_Aim of the exercise_
Transcribe all of the data verbatim, please, and leave out its pictures.

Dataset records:
>>>

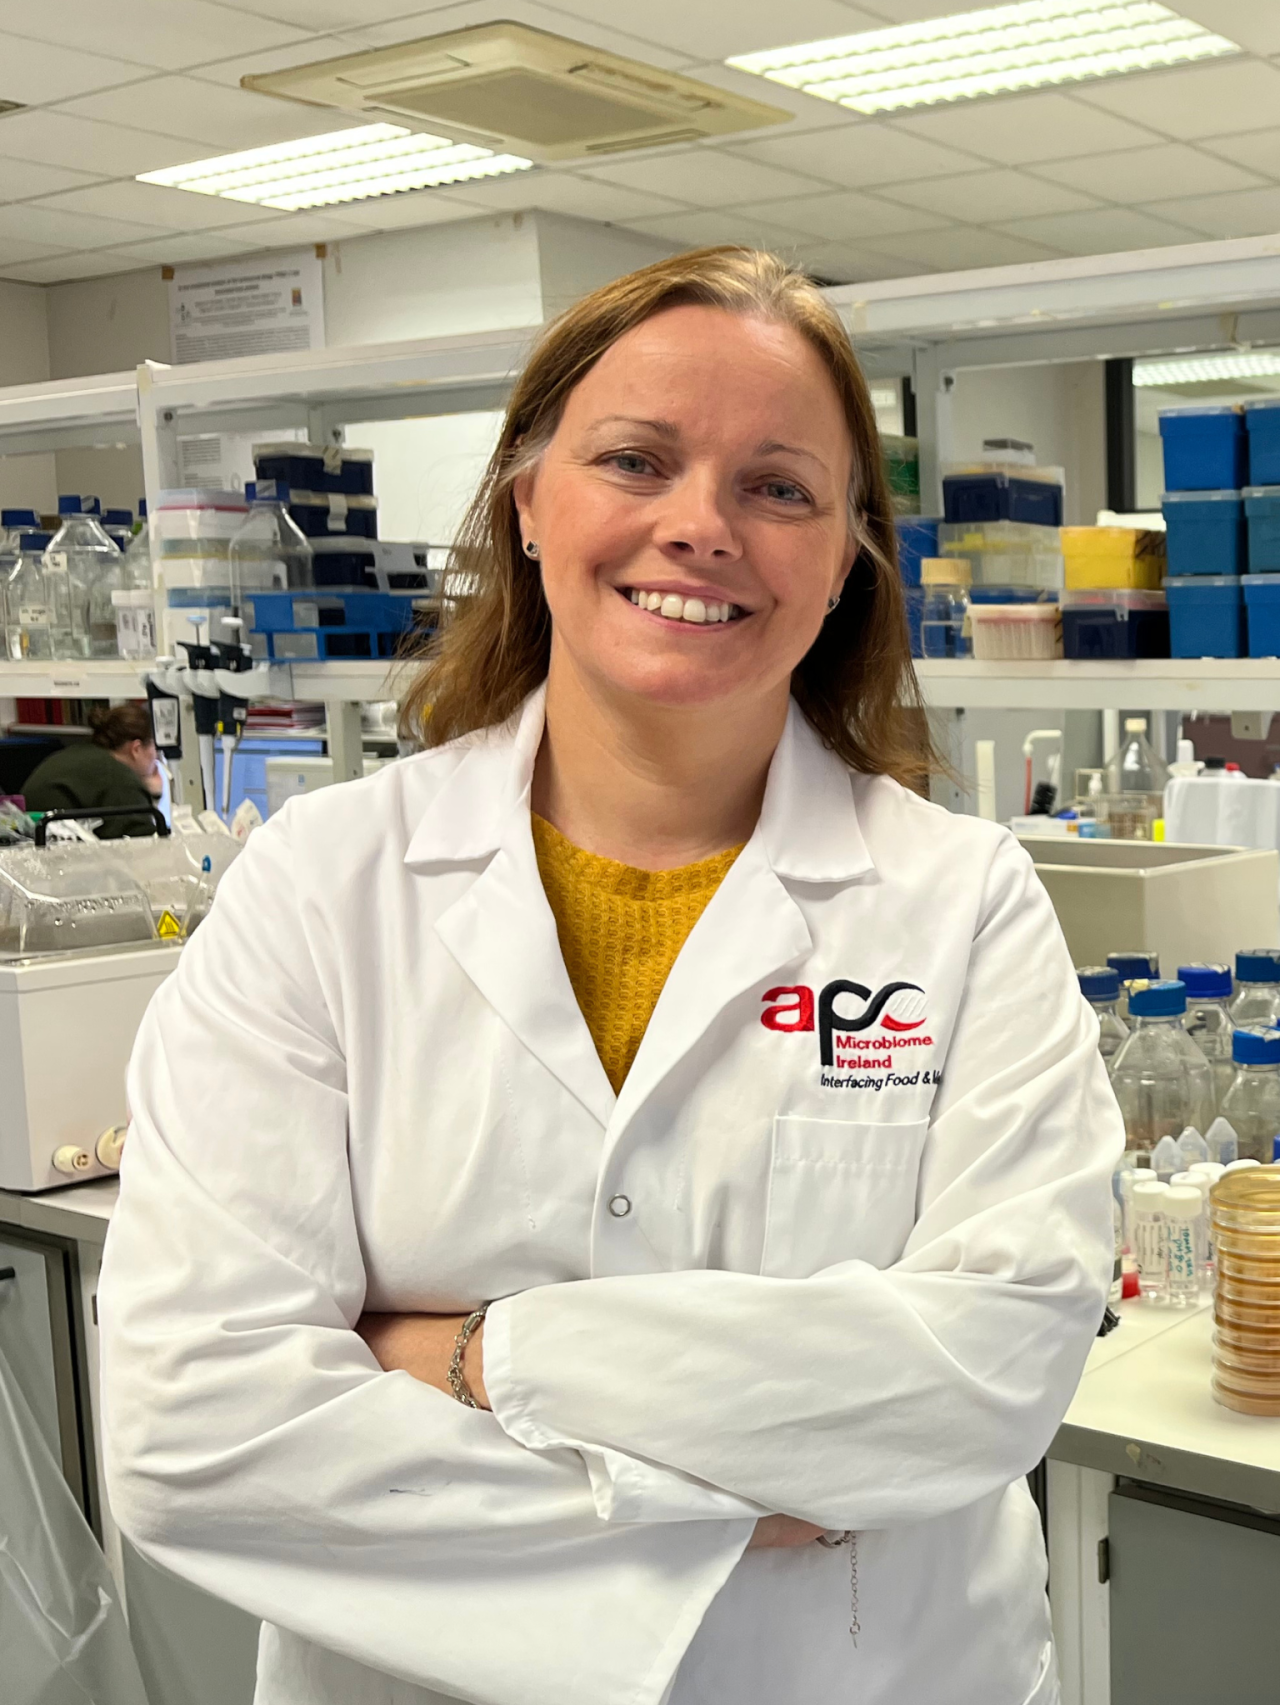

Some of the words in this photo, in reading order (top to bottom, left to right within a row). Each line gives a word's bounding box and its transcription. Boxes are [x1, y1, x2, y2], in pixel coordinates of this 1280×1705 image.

[836, 1035, 933, 1050] Microbiome
[836, 1055, 892, 1069] Ireland
[820, 1073, 884, 1091] Interfacing
[884, 1071, 920, 1087] Food
[922, 1070, 931, 1085] &

<<<

_Result for this exercise_
Some of the words in this photo, in reading order (top to bottom, left to right within a row). Each line gives a word's bounding box and its transcription. Boxes are [x1, y1, x2, y2], in pixel coordinates of this 1280×1705 image.

[836, 1035, 933, 1050] Microbiome
[836, 1055, 892, 1069] Ireland
[820, 1073, 884, 1091] Interfacing
[884, 1071, 920, 1087] Food
[922, 1070, 931, 1085] &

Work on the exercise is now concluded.